WHAT IS BEING ASKED =>
No pictures, nothing altered: return the data below.

(Saved data entries)
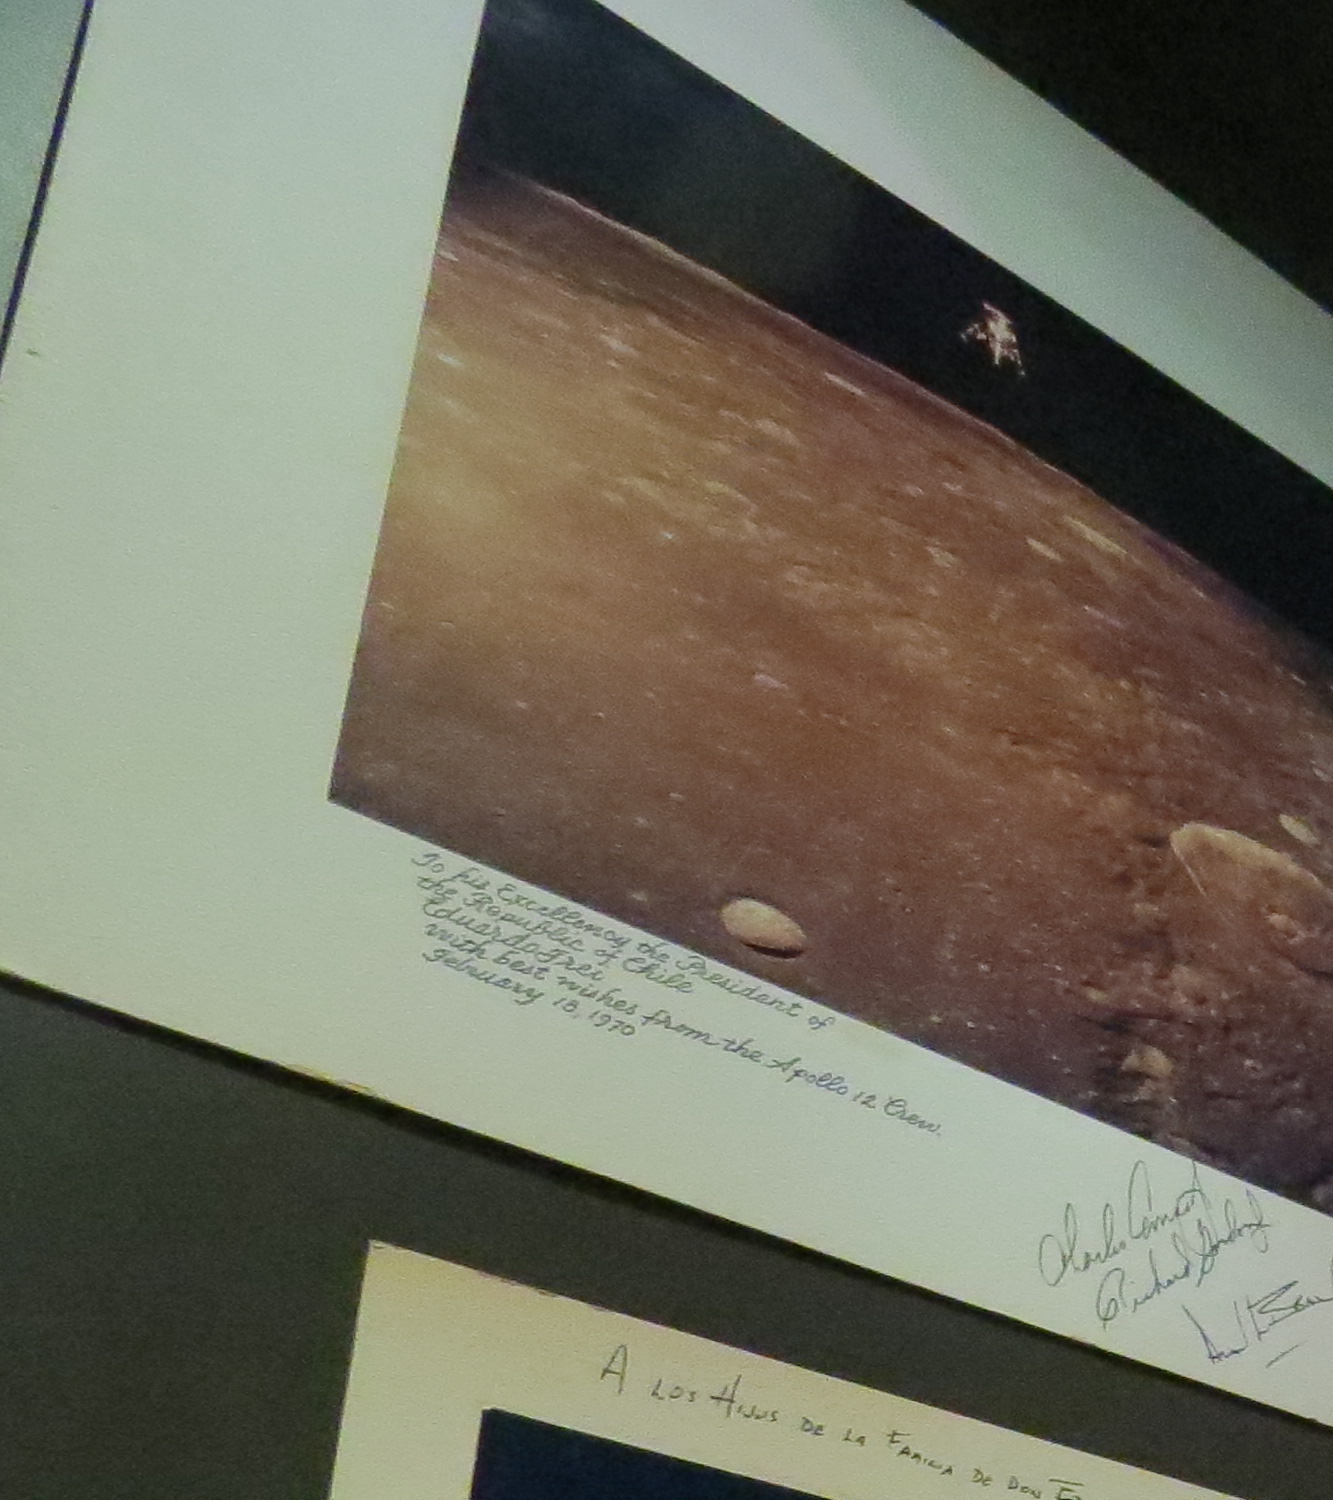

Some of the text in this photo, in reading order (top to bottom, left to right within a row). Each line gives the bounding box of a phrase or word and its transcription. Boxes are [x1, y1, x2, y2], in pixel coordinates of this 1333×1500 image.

[411, 852, 445, 874] To
[637, 941, 671, 964] the
[676, 954, 804, 1018] President
[807, 1014, 836, 1031] of
[416, 876, 694, 994] the Republic of Chile
[421, 946, 545, 1007] February
[587, 1010, 637, 1037] 1970
[423, 922, 489, 960] with
[492, 951, 551, 982] best
[556, 973, 640, 1016] wishes
[640, 1009, 721, 1047] from
[720, 1037, 765, 1065] the
[763, 1056, 849, 1097] Apollo
[850, 1090, 877, 1110] 12
[599, 1342, 629, 1395] A

ANSWER SPACE =>
Some of the text in this photo, in reading order (top to bottom, left to right within a row). Each line gives the bounding box of a phrase or word and its transcription. Boxes are [x1, y1, x2, y2], in pixel coordinates of this 1333×1500 image.

[411, 852, 445, 874] To
[637, 941, 671, 964] the
[676, 954, 804, 1018] President
[807, 1014, 836, 1031] of
[416, 876, 694, 994] the Republic of Chile
[421, 946, 545, 1007] February
[587, 1010, 637, 1037] 1970
[423, 922, 489, 960] with
[492, 951, 551, 982] best
[556, 973, 640, 1016] wishes
[640, 1009, 721, 1047] from
[720, 1037, 765, 1065] the
[763, 1056, 849, 1097] Apollo
[850, 1090, 877, 1110] 12
[599, 1342, 629, 1395] A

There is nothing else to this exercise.